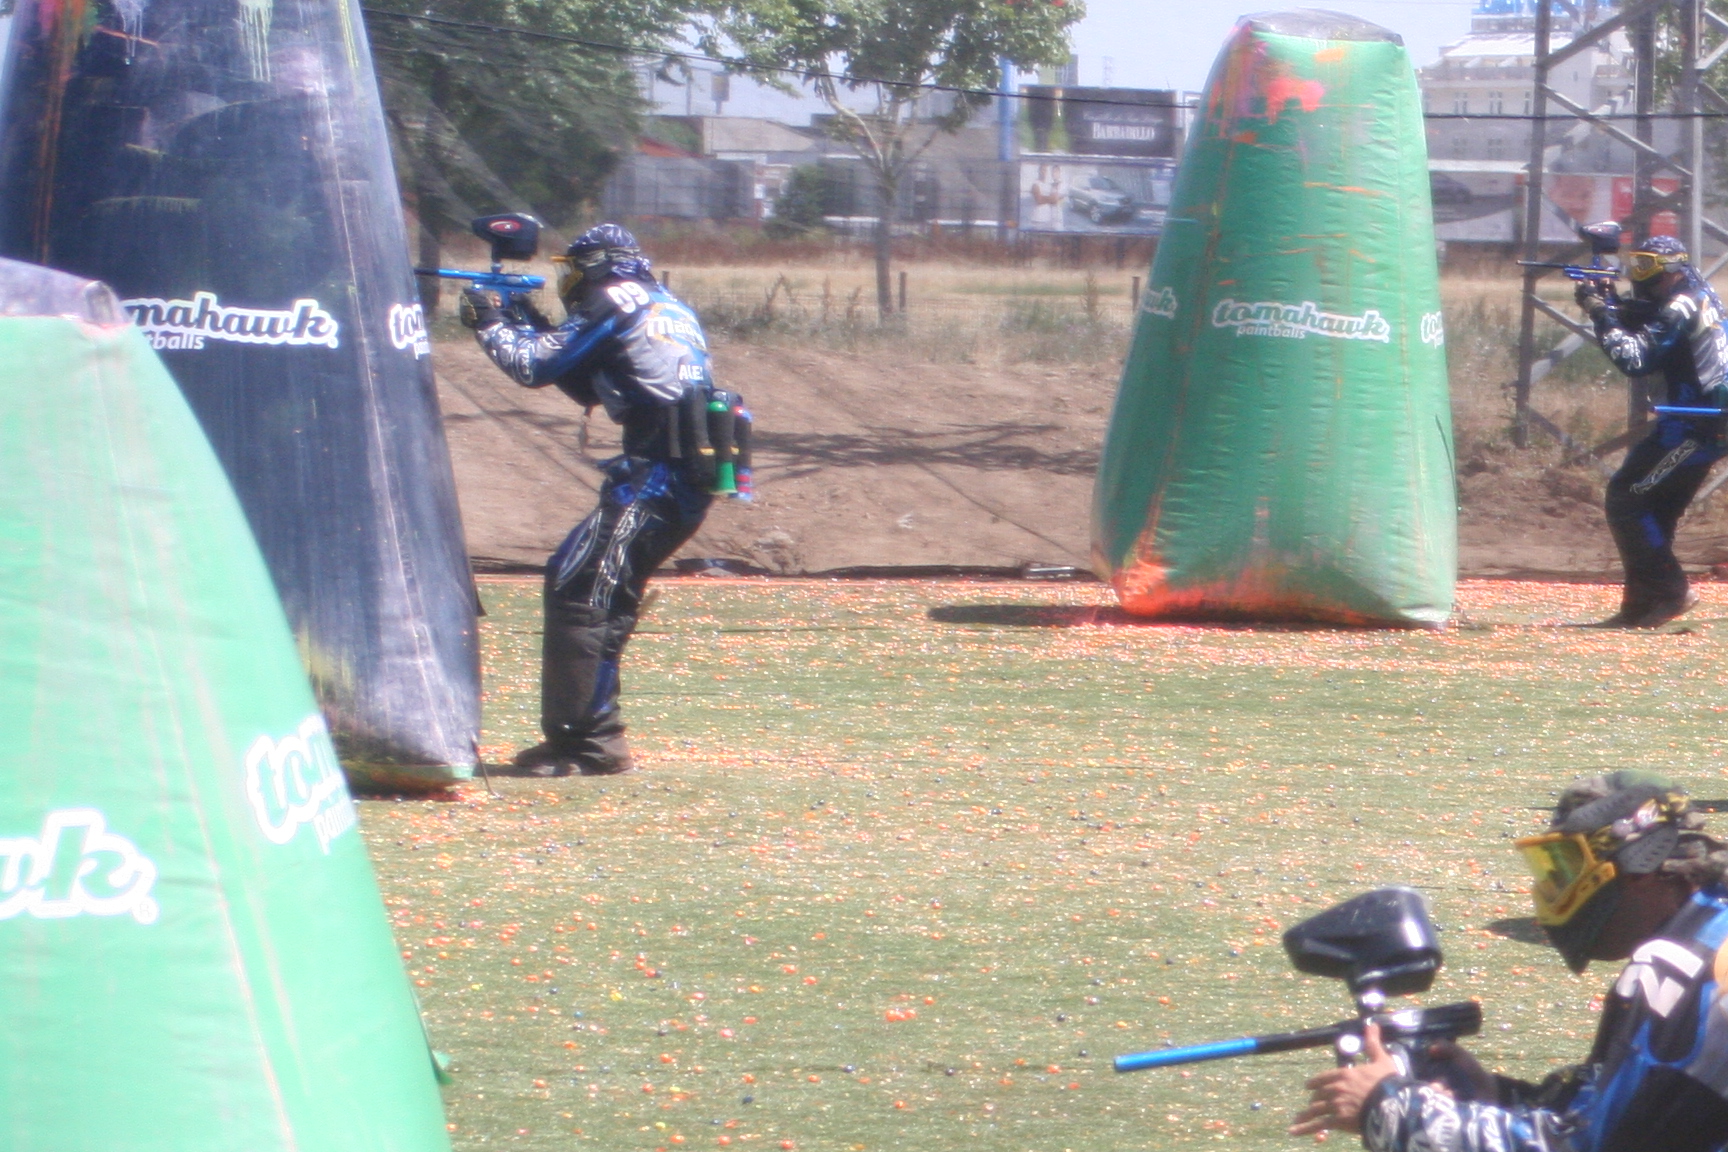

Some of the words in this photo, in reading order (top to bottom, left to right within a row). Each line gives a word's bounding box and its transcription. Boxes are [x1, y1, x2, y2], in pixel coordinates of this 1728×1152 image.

[120, 290, 339, 348] mahawk
[607, 281, 650, 314] 09
[1212, 299, 1390, 343] tomahawk
[1236, 324, 1306, 340] paintballs
[1615, 938, 1704, 1018] 21
= = = = =
• Instructions for the task: Return the material above verbatim, minus the pictures.

• Response for this exercise:
Some of the words in this photo, in reading order (top to bottom, left to right within a row). Each line gives a word's bounding box and its transcription. Boxes are [x1, y1, x2, y2], in pixel coordinates of this 1728×1152 image.

[120, 290, 339, 348] mahawk
[607, 281, 650, 314] 09
[1212, 299, 1390, 343] tomahawk
[1236, 324, 1306, 340] paintballs
[1615, 938, 1704, 1018] 21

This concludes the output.